EXERCISE MATERIAL -
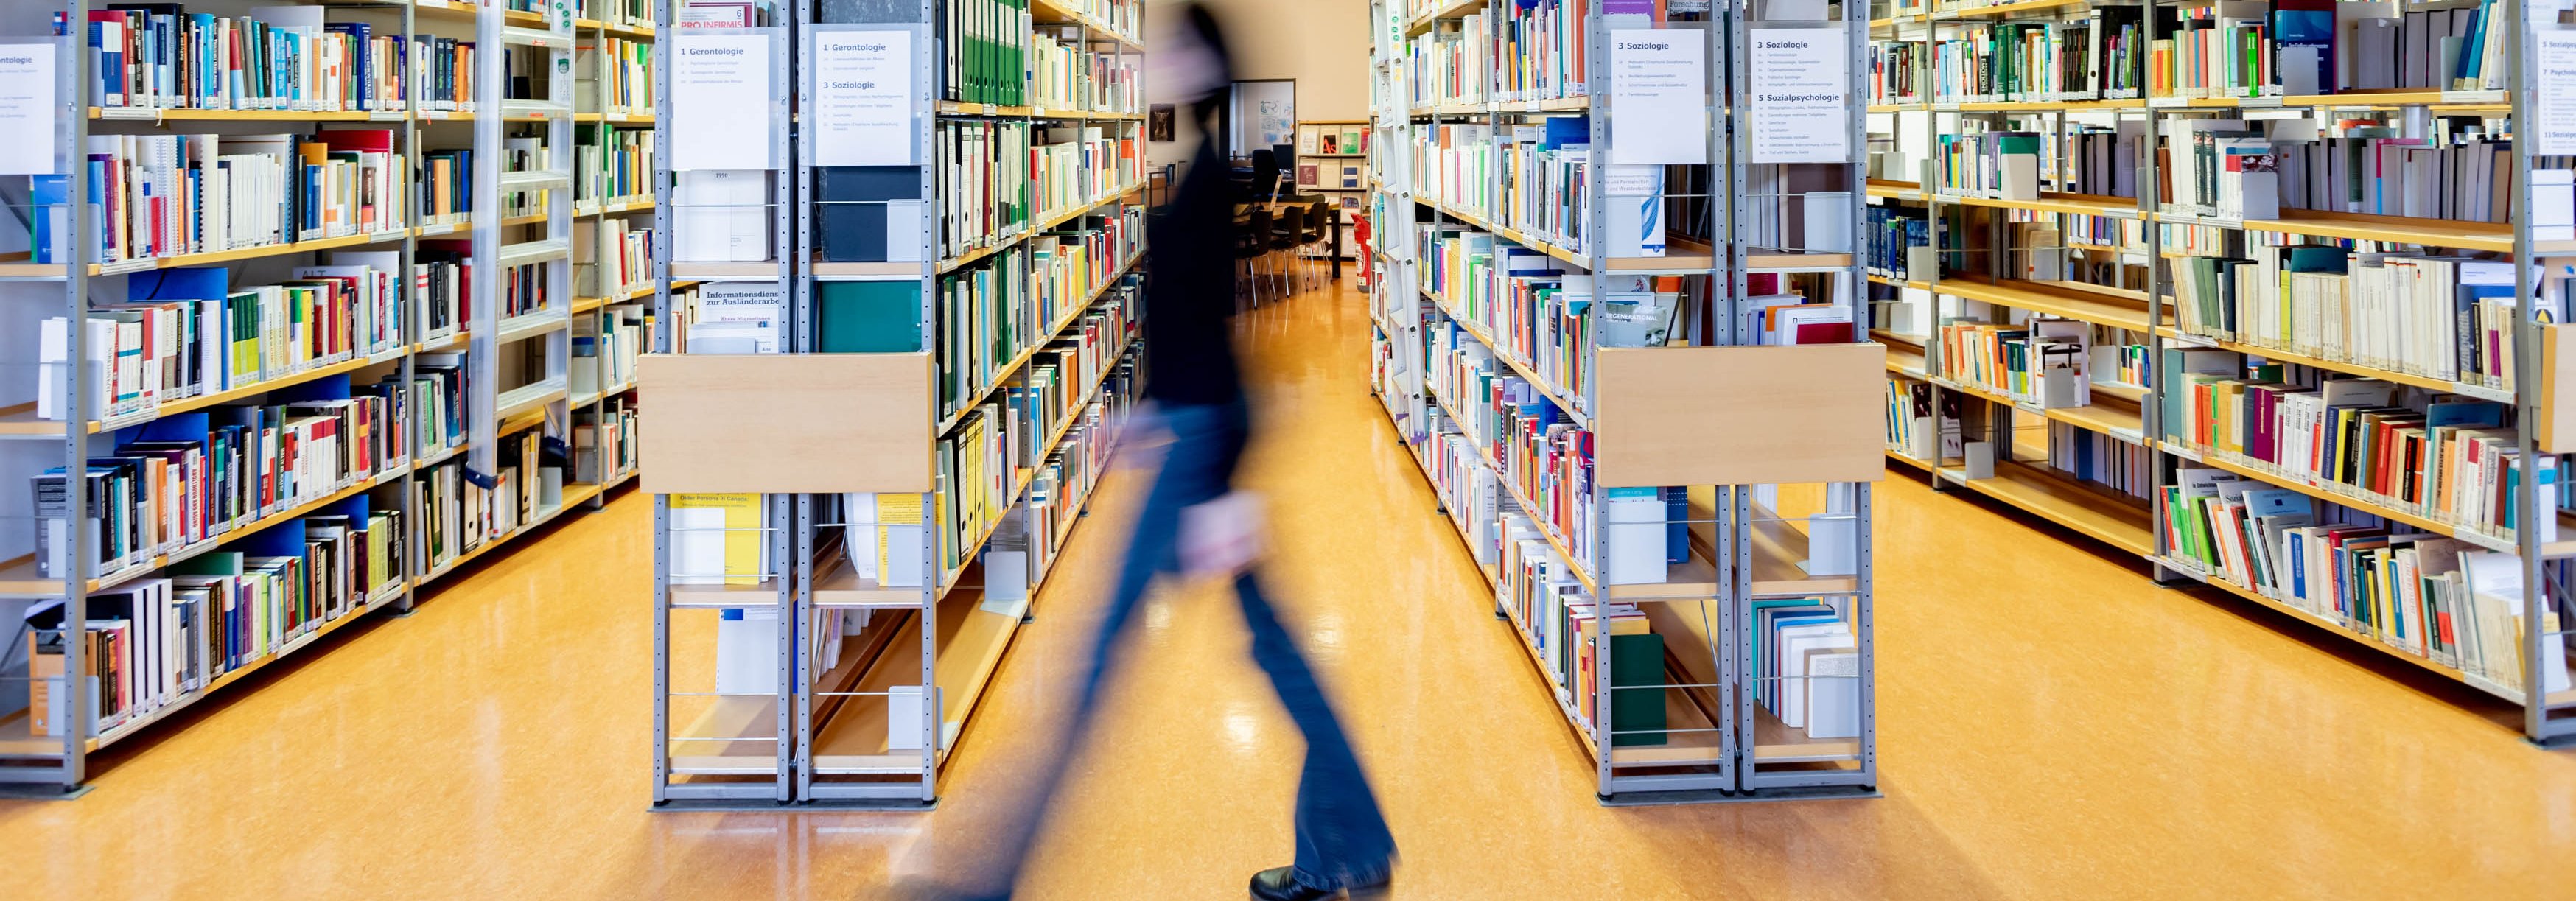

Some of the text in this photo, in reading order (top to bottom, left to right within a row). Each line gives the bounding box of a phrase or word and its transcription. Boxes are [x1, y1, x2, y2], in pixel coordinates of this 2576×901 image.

[832, 43, 886, 52] Gerontologie
[1627, 42, 1669, 50] Soziologie
[1766, 41, 1808, 49] Soziologie
[690, 48, 743, 56] Gerontologie
[832, 81, 875, 90] Soziologie
[1767, 94, 1840, 102] Sozialpsychologie

PROBLEM TO SOLVE -
Except for pictures, copy the records above exactly.

RESPONSE AREA -
Some of the text in this photo, in reading order (top to bottom, left to right within a row). Each line gives the bounding box of a phrase or word and its transcription. Boxes are [x1, y1, x2, y2], in pixel coordinates of this 2576×901 image.

[832, 43, 886, 52] Gerontologie
[1627, 42, 1669, 50] Soziologie
[1766, 41, 1808, 49] Soziologie
[690, 48, 743, 56] Gerontologie
[832, 81, 875, 90] Soziologie
[1767, 94, 1840, 102] Sozialpsychologie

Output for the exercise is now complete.